Peripheral T cells of patients with B cell non-Hodgkin's lymphoma show a shift in their memory status

Abstract

Background: Tumor-infiltrating T cells have a positive influence on the clinical course of B cell non-Hodgkin's lymphoma (NHL). T cells in the peripheral blood of patients with B cell NHL, however, have so far rarely been examined. Methods: Using flow cytometry we examined lymphocyte subpopulations and numbers of naïve/memory T cell subtypes among peripheral T cells of patients with B cell NHL ( N = 22), patients with metastasized solid tumors ( N = 27), and healthy controls ( N = 20). In addition, we analyzed the intracellular content of effector molecules granzyme B and perforin and expression of the T cell receptor zeta chain.

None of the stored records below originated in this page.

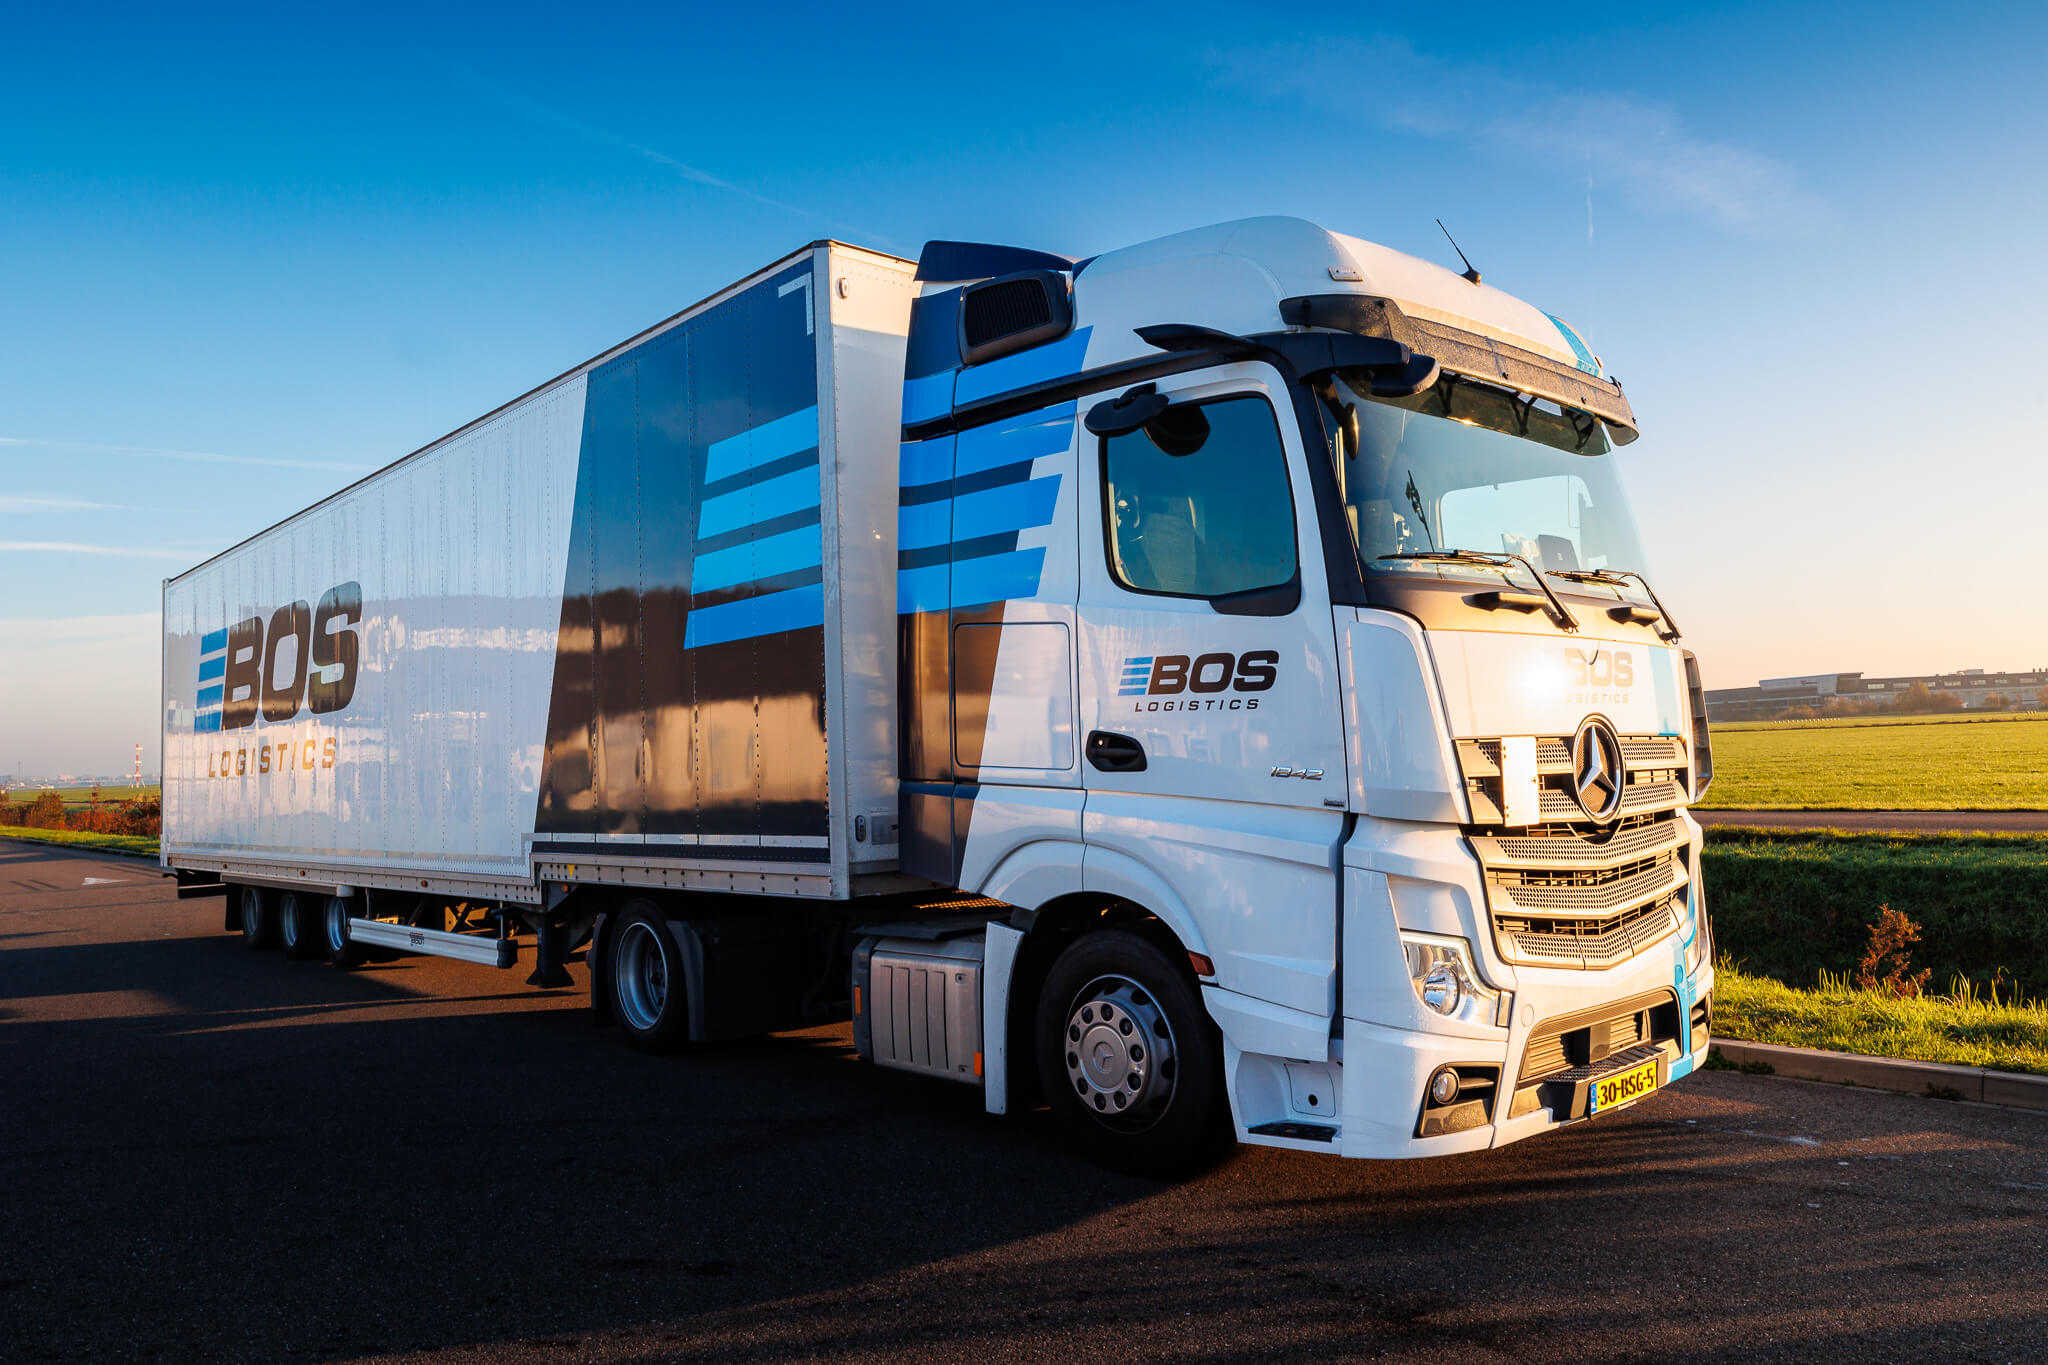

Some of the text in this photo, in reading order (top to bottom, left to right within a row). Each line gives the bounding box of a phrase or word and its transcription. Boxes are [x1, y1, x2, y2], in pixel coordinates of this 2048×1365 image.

[221, 580, 362, 731] BOS
[1148, 650, 1279, 695] BOS
[1135, 699, 1259, 712] LOGISTICS
[208, 737, 336, 777] LOGISTICS
[1271, 766, 1324, 780] 1842
[1600, 1067, 1654, 1106] 30-BSG-5

Results: We observed increased percentages of potentially highly cytotoxic CD8+CD56+ T cells in the peripheral blood of patients with NHL. Both, patients with NHL and patients with solid tumors showed a much higher expression of the chemokine receptors CCR4 and CCR5 on their T cells than healthy controls, suggesting a polarization of their T cells following stimulation with antigen and/or cytokines in vivo. Furthermore, patients with B cell NHL and patients with solid tumors had far lower percentages of naïve CD45RA+CCR7+ T cells than healthy controls and, in the case of CD4+ T cells, patients with solid tumors. In contrast, patients with B cell NHL showed markedly increased levels of memory effector CD45RA−CCR7− CD4 + T cells when compared to healthy controls and patients with metastasized solid tumors. Patients with NHL also showed elevated levels granzyme B within CD8 + T cells, indicating that the increase in memory effector cells was of functional relevance. Conclusions: These findings indicate a marked shift in the composition of peripheral T cells of patients with B cell NHL from naïve to memory effector-type cells.